Objective: To analyze the clinical characteristics of relapsing polychodritis (RP).
Methods: Clinical features and laboratory data of 131 patients with RP were analyzed retrospectively.
Results: The average age at onset was (44 ± 14) years (ranging from 9 to 76). Male to female ratio was 1.22:1. The most common onset symptom was respiratory system symptom (61.8%), followed by auricle lesions (16.0%), articular cartilage (15.3%), ocular region (7.6%), internal ear system (5.3%), nasal cartilages (4.6%), skin (2.3%) and nervous system (0.8%).
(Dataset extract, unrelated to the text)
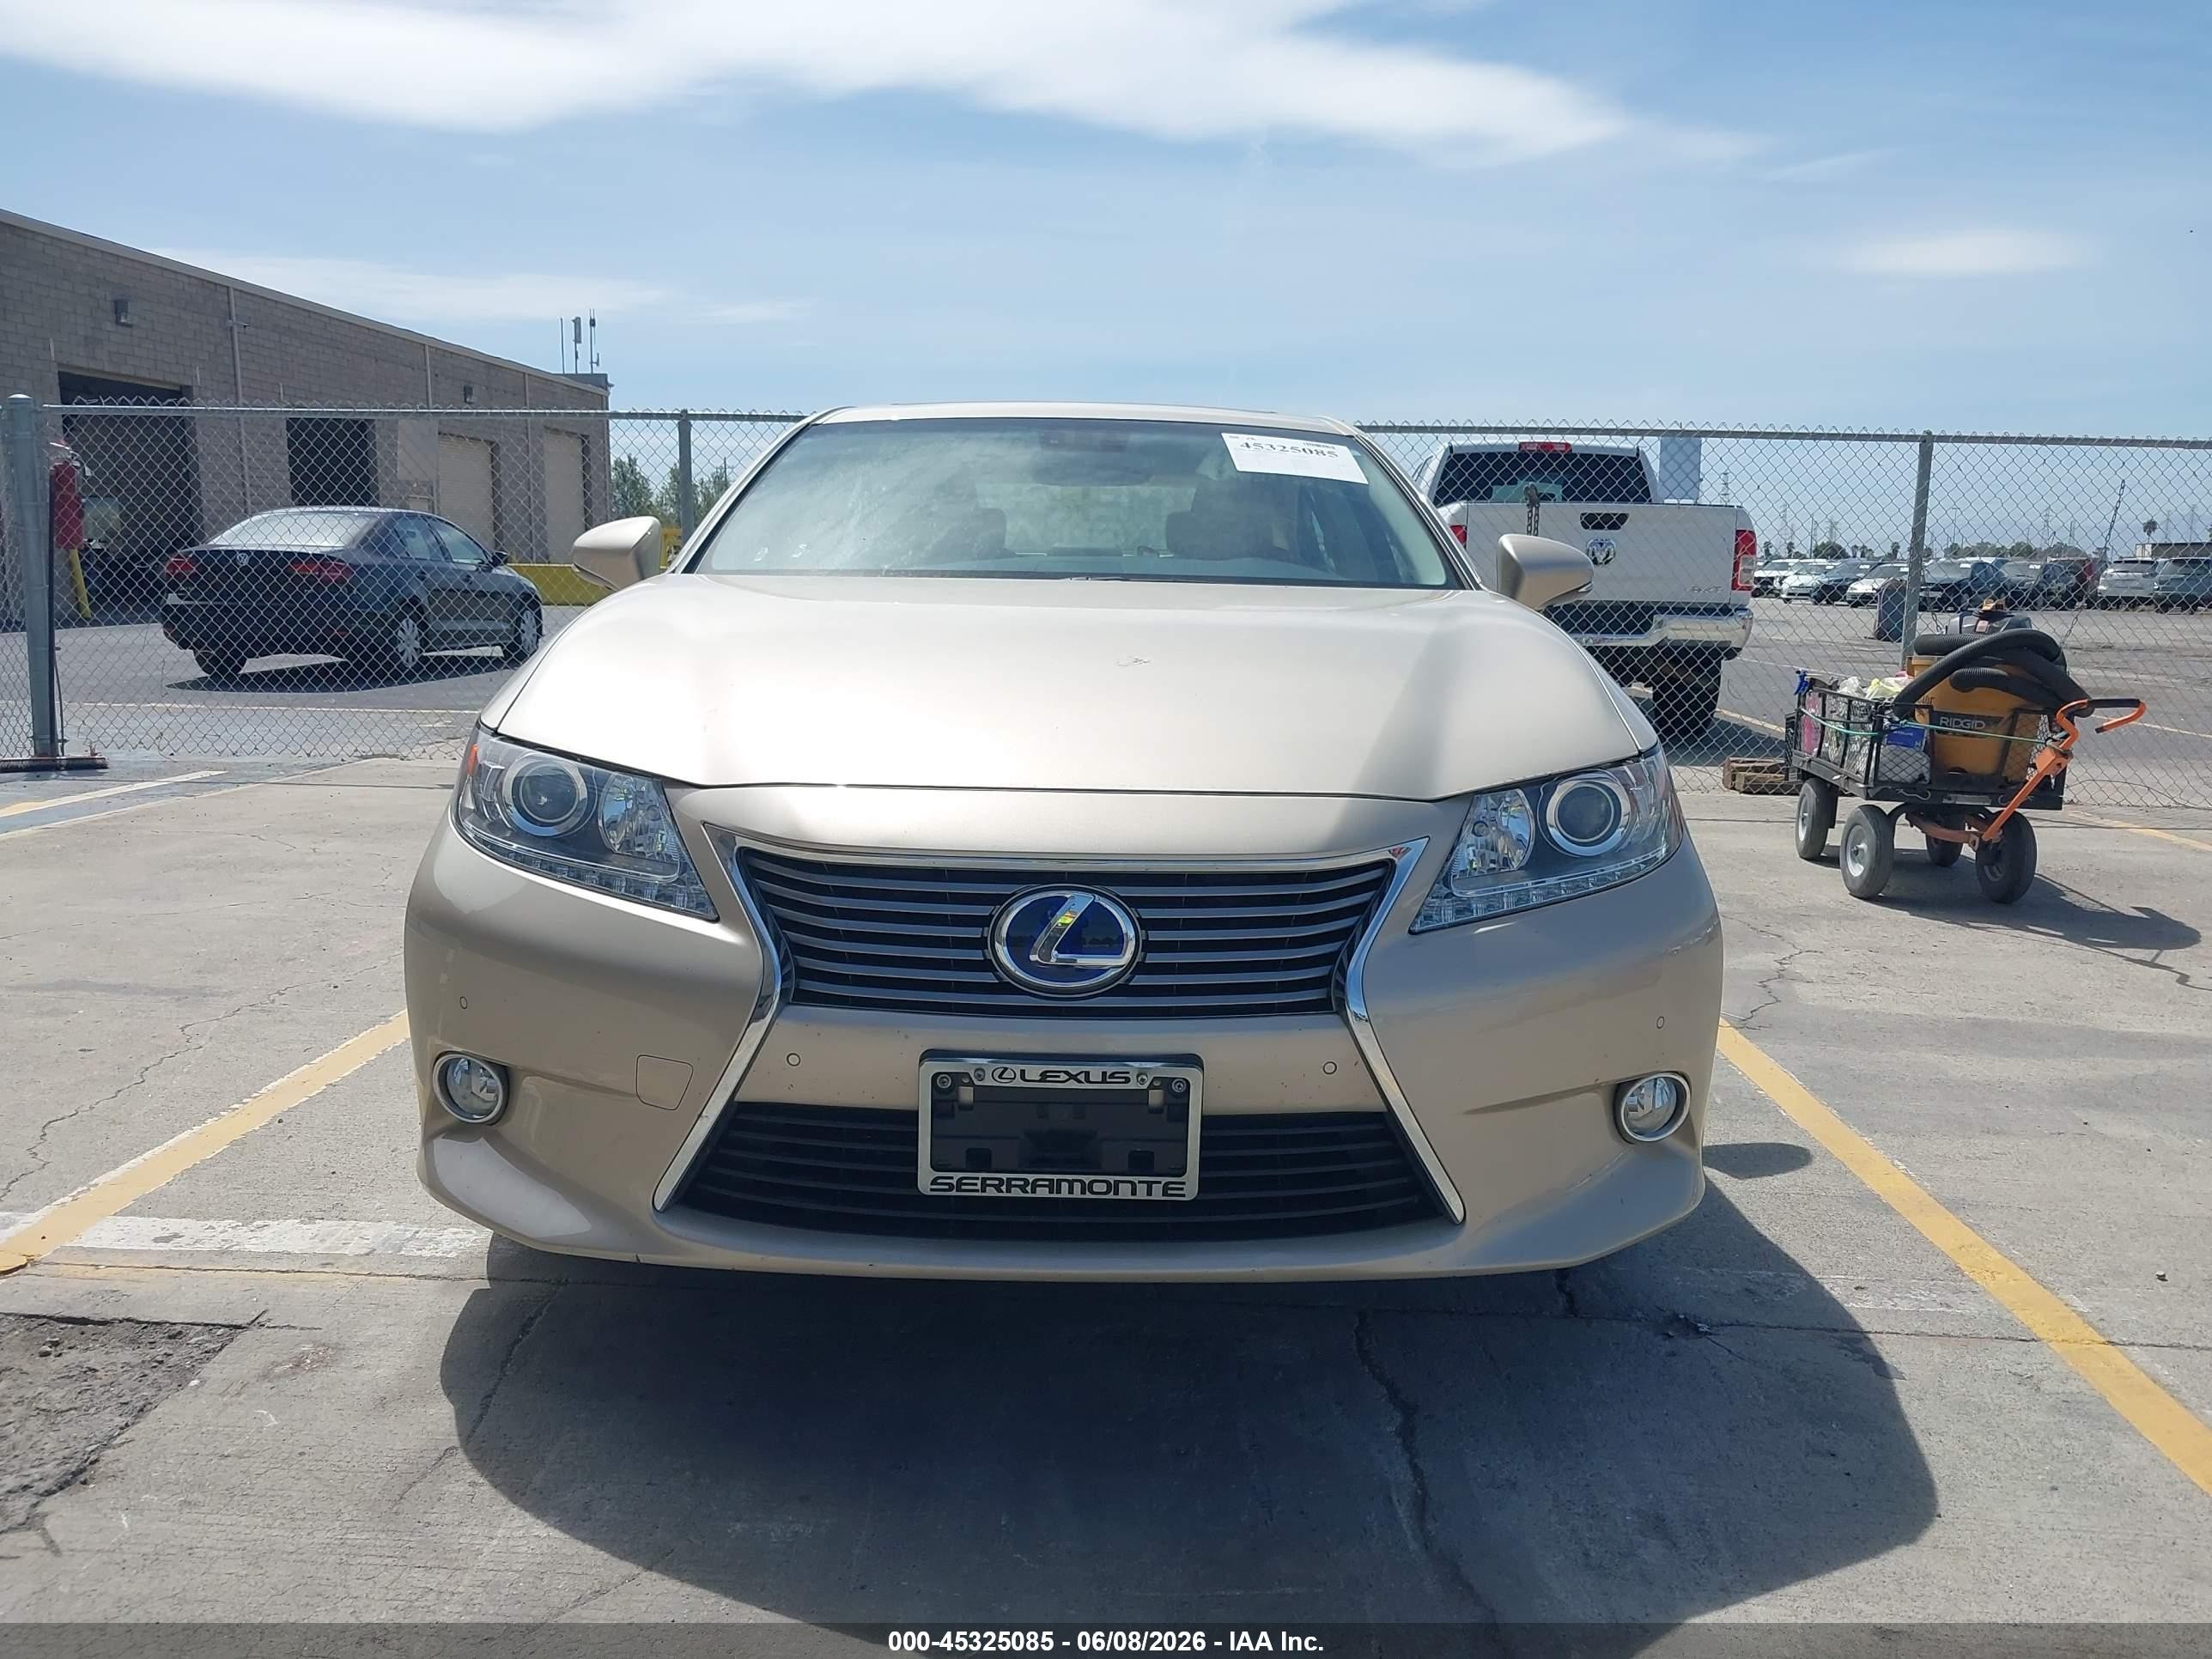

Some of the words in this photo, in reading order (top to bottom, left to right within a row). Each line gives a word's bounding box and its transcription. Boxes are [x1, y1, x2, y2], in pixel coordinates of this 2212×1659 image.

During the whole course of the disease, 81.7% of the patients endured a respiratory system involvement; 77.9% and 56.5% of the patients suffered joint symptoms and nasal cartilages lesions, respectively; the involvement of auricle lesions, ocular region and internal ear system were 54.2%, 35.1% and 33.6%. Comparatively, the occurrence rates of skin lesion (10.7%), neurologic disorder (9.2%) and kidney system lesions (1.5%) were low. Analyzing of the laboratory examination data showed that 38.2% and 43.5% of the patients had an increase in white blood count (WBC) and platelet, 86.3% and 82.4% patients showed raised erythrocyte sedimentation rate (ESR) and C-reactive protein (CRP) values.
Conclusions: RP is a multi-system involvement disease, which has complicated clinical manifestations. Respiratory tract is the most common site involved, and respiratory system involvement is a prediction of unfavourable prognosis.